Chris: Whoa! That’s pretty stale. I’m glad you’re updating it. When will the revised eBook be released?

Mike: Me too! We’re shooting for release sometime in mid-April. And, luckily, the PCAOB has helped us out by releasing the 2021 inspection reports for ALL the annually inspected firms in November 2022. These inspections covered audits of issuers with fiscal years generally ending in 2020. 

Chris: For those in the audience who may not know, the Public Company Accounting Oversight Board, or PCAOB, inspects registered audit firms to assess each firm’s compliance with PCAOB standards and rules as well as other applicable regulatory and professional requirements. 

Mike: In general, the PCAOB inspects each firm either annually or triennially (that’s once every three years) depending on how many issuers they audit. If a firm provides audit opinions for more than 100 issuers, the PCAOB inspects them annually. If a firm provides audit opinions for 100 or fewer issuers, the PCAOB, in general, inspects them at least triennially.

Chris: I know for our training materials we only look at the inspection reports for the annually inspected firms. Obviously the Big 4 make the list, but what other firms does the PCAOB inspect annually?
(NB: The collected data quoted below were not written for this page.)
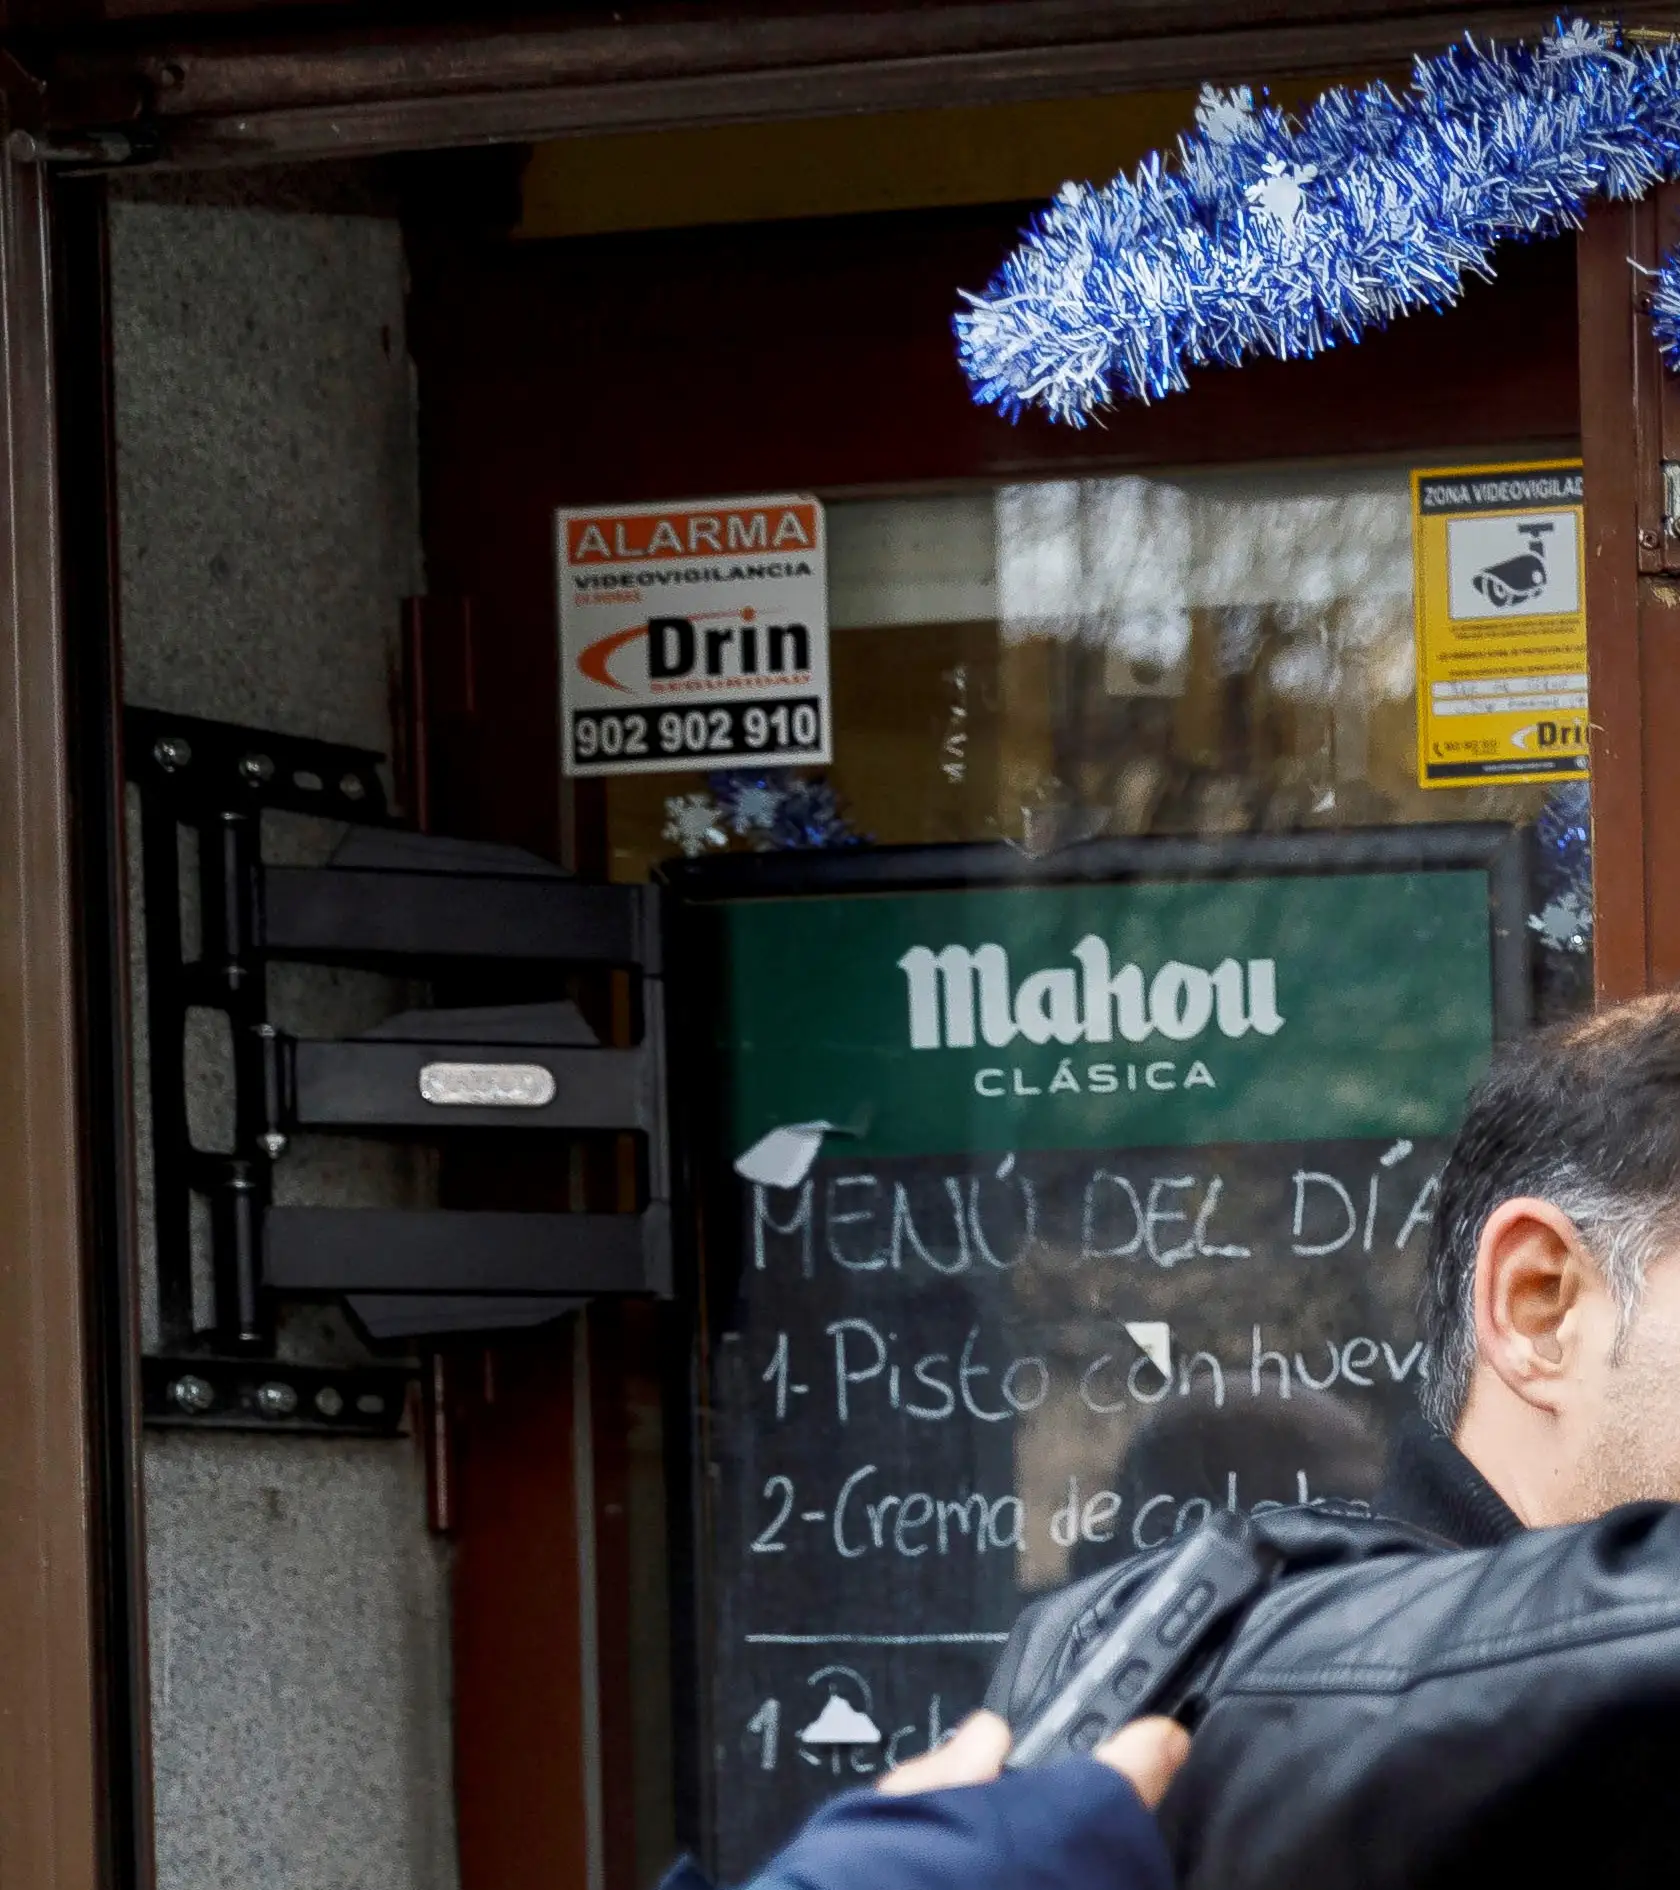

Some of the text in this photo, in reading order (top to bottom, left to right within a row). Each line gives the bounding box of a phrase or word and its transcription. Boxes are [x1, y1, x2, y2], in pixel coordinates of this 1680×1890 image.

[1472, 476, 1584, 503] VIDEOVIGILAD
[574, 511, 810, 560] ALARMA
[574, 562, 812, 590] VIDEOVIGILANCIA
[650, 606, 811, 680] Drin
[575, 705, 818, 756] 902 902 910
[1537, 717, 1586, 747] Dri
[898, 933, 1286, 1049] Mahou
[974, 1058, 1216, 1096] CLÁSICA
[753, 1153, 1037, 1278] MENÚ
[1081, 1170, 1250, 1266] DEL
[1048, 1474, 1120, 1549] de
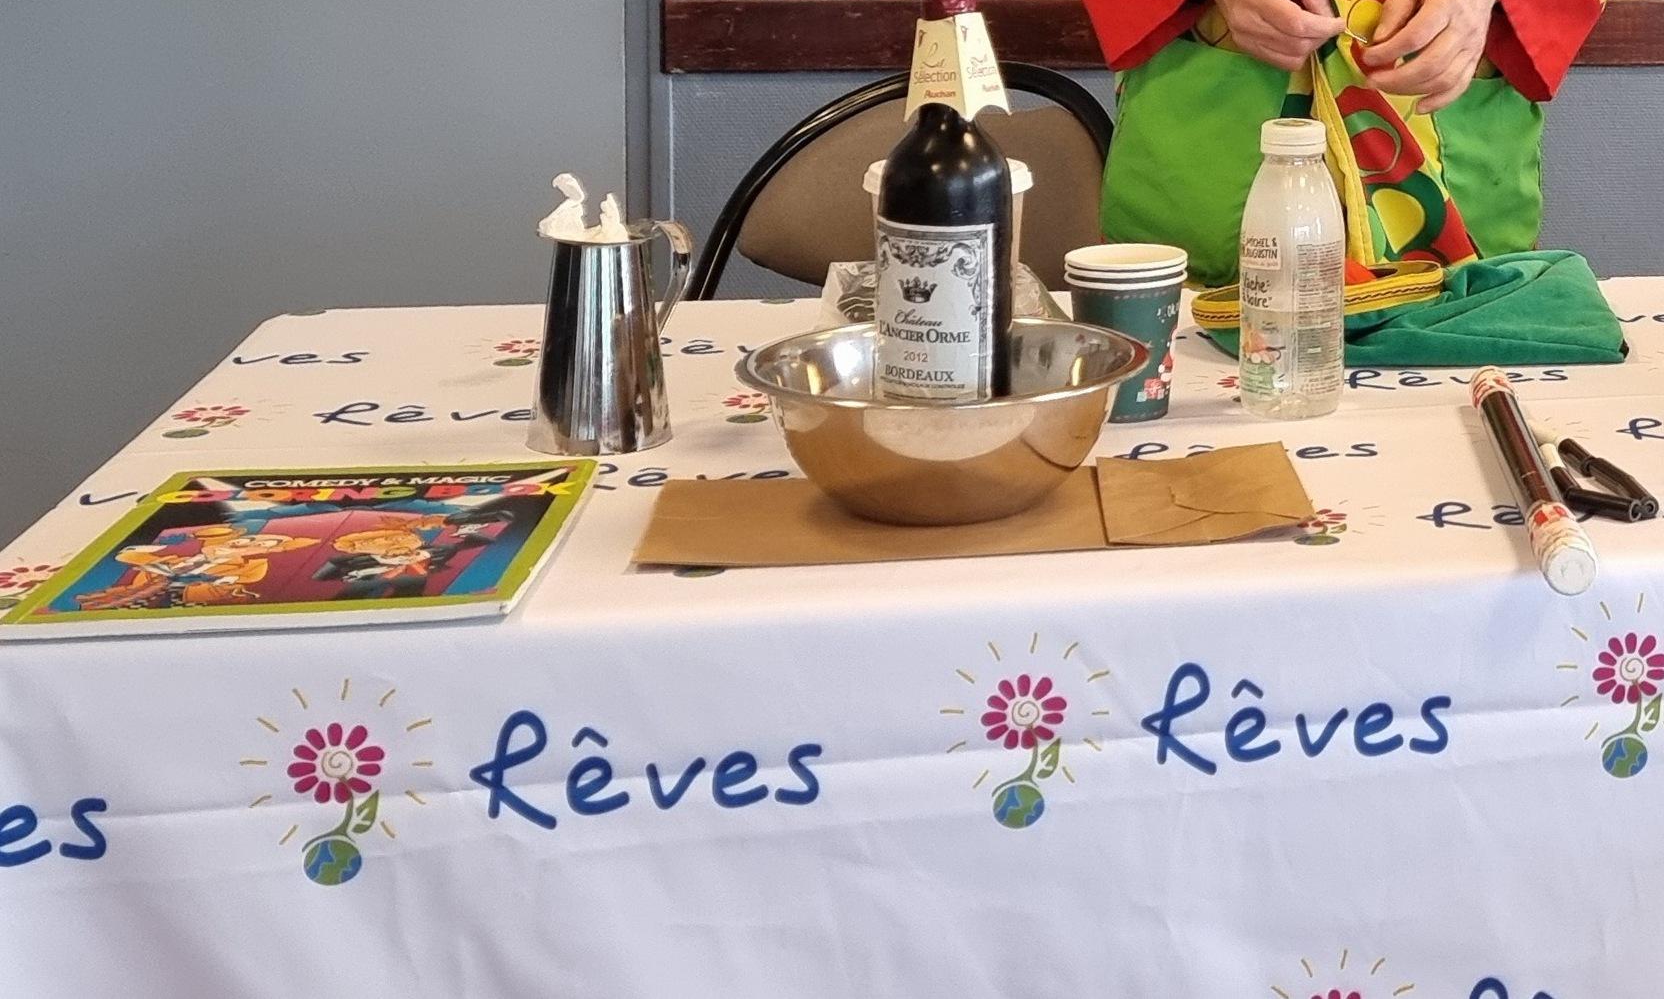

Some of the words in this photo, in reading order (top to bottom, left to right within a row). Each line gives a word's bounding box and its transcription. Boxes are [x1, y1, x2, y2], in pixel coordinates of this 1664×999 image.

[924, 89, 956, 99] Auchan
[894, 308, 943, 327] Château
[926, 328, 971, 344] ORME
[903, 351, 928, 363] 2012
[885, 364, 954, 382] BORDEAUX
[313, 401, 537, 426] Rêve
[244, 478, 380, 489] COMEDY
[381, 476, 402, 487] &
[406, 474, 512, 485] MAGIC
[426, 481, 571, 499] BOOK
[1140, 662, 1452, 776] Rêves
[469, 710, 822, 830] Rêves
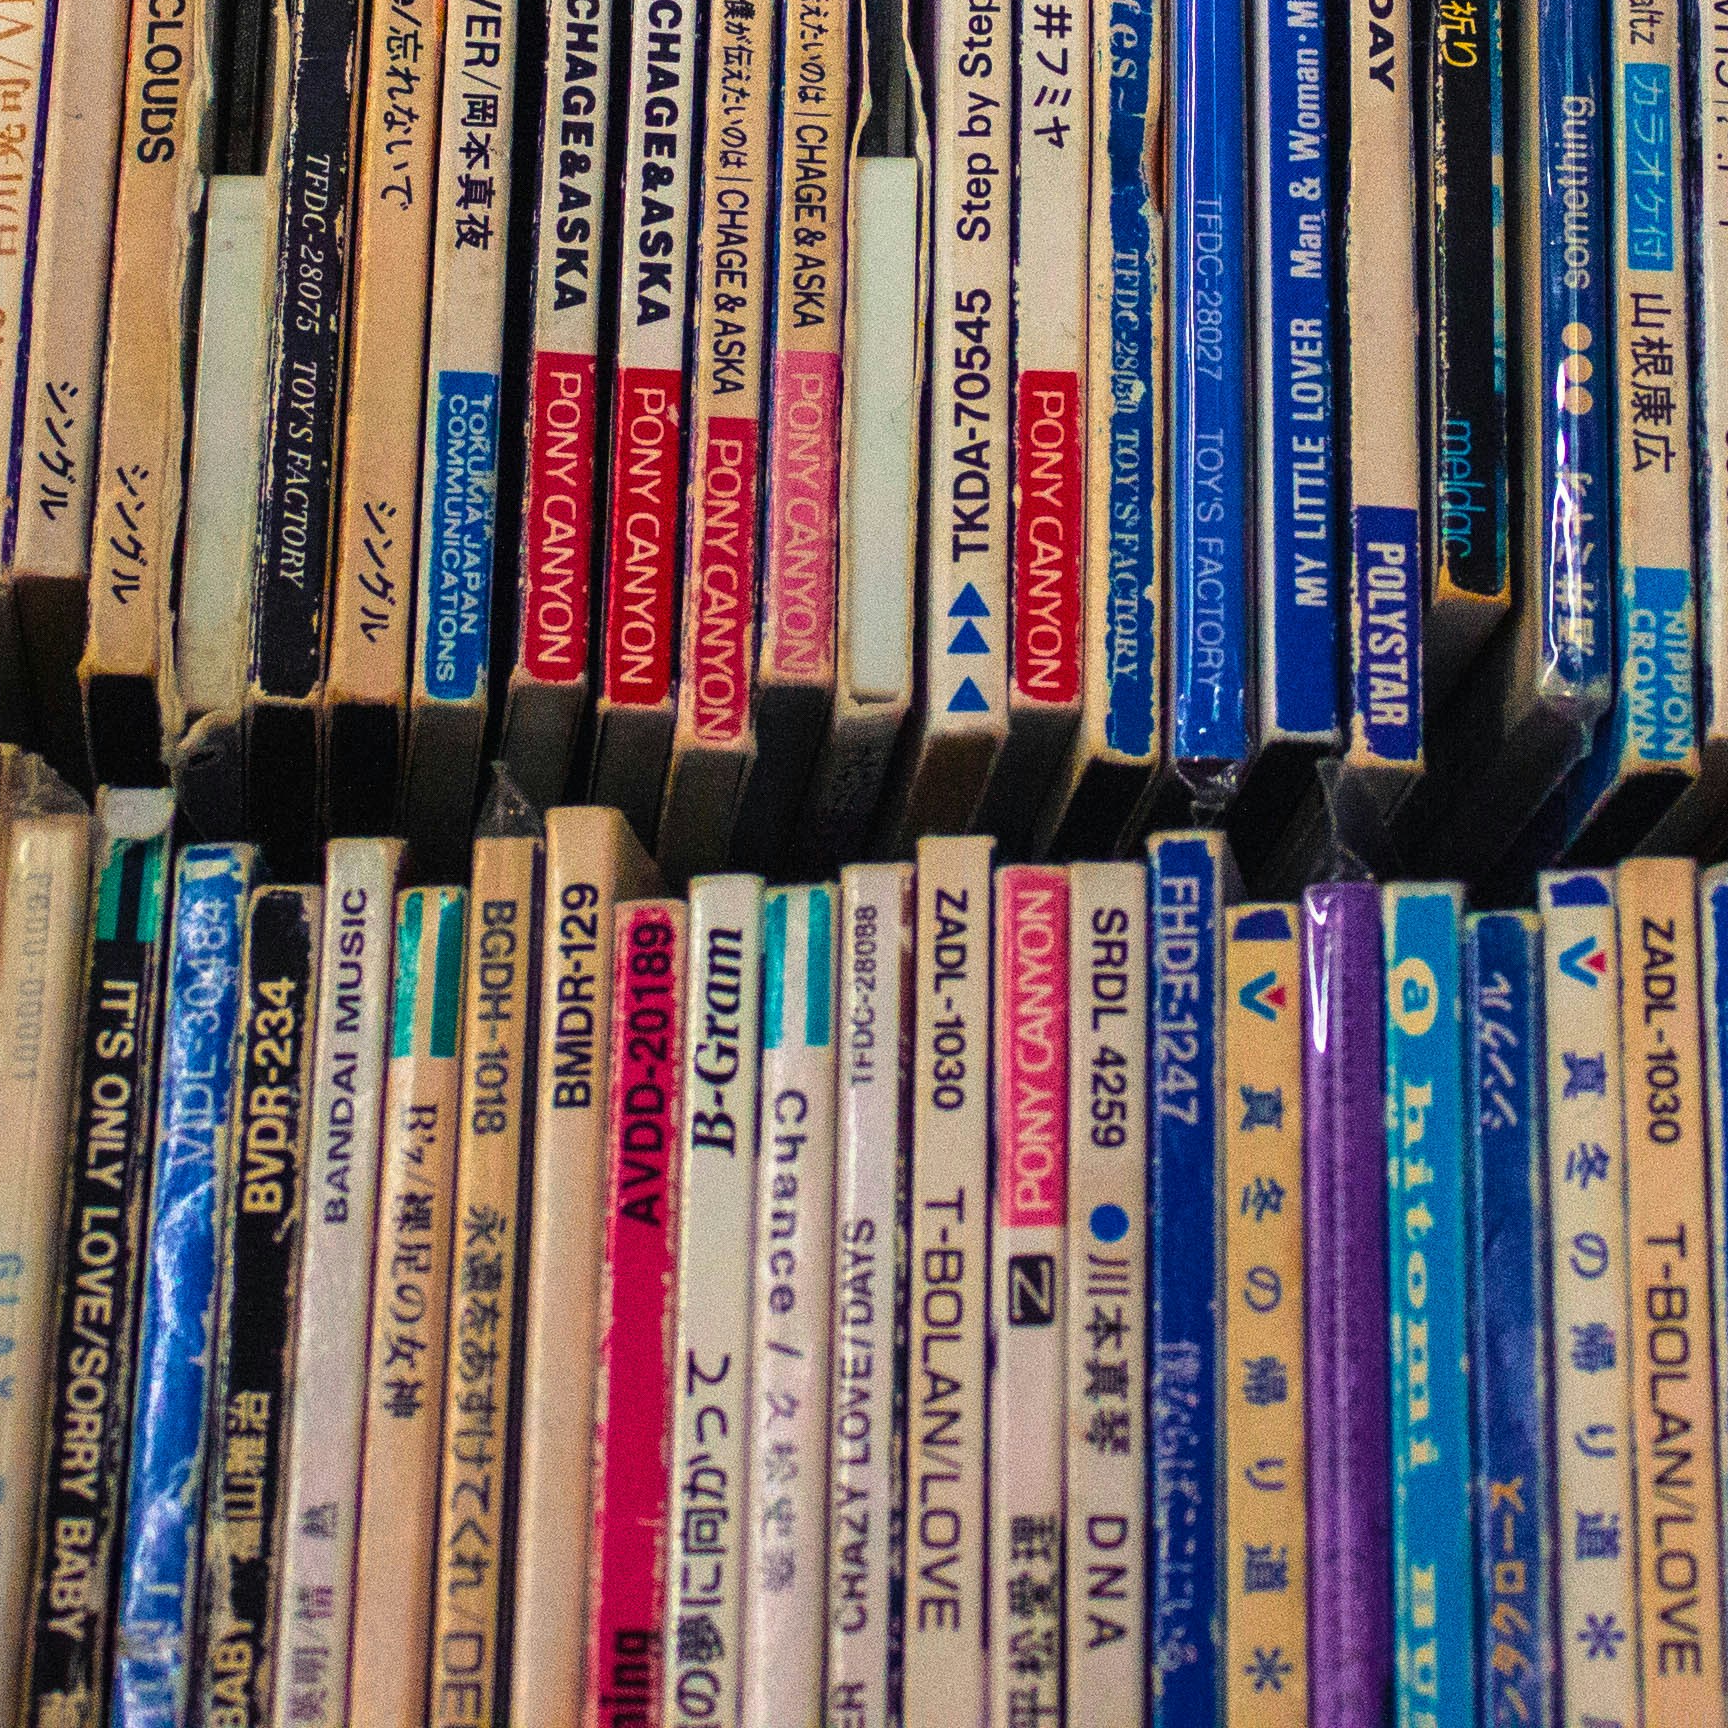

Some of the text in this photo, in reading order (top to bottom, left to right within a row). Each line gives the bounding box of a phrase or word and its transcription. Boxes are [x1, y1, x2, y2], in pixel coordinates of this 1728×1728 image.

Mike: Beside the Big 4 ( Deloitte, PwC, EY, and KPMG), for the 2021 inspection cycle the other annually inspected firms were:

  • RSM US (5)
  • BDO USA (6)
  • Grant Thornton (7)
  • Crowe (12)
  • Moss Adams (13)
  • Marcum (16)
  • WithumSmith+Brown (22)
  • Cohen & Co. (51)

Chris: Wow! That’s quite a few firms. Definitely some new additions since our last eBook.

Mike: Yep. Cohen & Co. actually joined the party in 2017, but since then, the PCAOB has added Moss Adams, in 2019, and WithumSmith+Brown, in 2021.

Chris: Any idea if this list will be the same next year?

Mike: According to the PCAOB website, for the 2022 inspection cycle they are adding two more, Baker Tilly Virchow Krause (#10) and BF Borgers CPA will join the party! 

Chris: I'm very familiar with Baker Tilly Virchow Krause. They have been growing over the years. But who is BF Borgers? I’ve never heard of them!

Mike: Neither have I so I did a little research. BF Borgers CPA PC is based in Lakewood, Colorado and is registered as a PCAOB listed firm. According to their website:

BF Borgers currently performs 10-K audits and 10-Q quarterly reviews according to PCAOB standards for over 80 publicly traded companies around the world. These companies range from start-up and development stage to successful mid-market companies.

Mike: And check out this headline from a March 25, 2022 article from Accounting Today:

BF Borgers dominates 2021 SEC client rankings

Mike: The article states that the firm added 39 new SEC clients during 2021, more than any other firm.

Chris: That’s pretty impressive. How big are they?

Mike: Well, they don’t even show up on Inside Public Accounting’s list of the top 500 U.S.-based accounting firms.

Chris: That’s strange! They audit 80+ issuers and they’re not even in the top 500. I mean, a lot of the firms in the 400s of that list are pretty small. What else did you find out?

Mike: Well, the firm’s LinkedIn company page lists the company size at 2-10 employees.

Chris: You mean GAAP Dynamics is larger than this firm that audits over 100 issuers?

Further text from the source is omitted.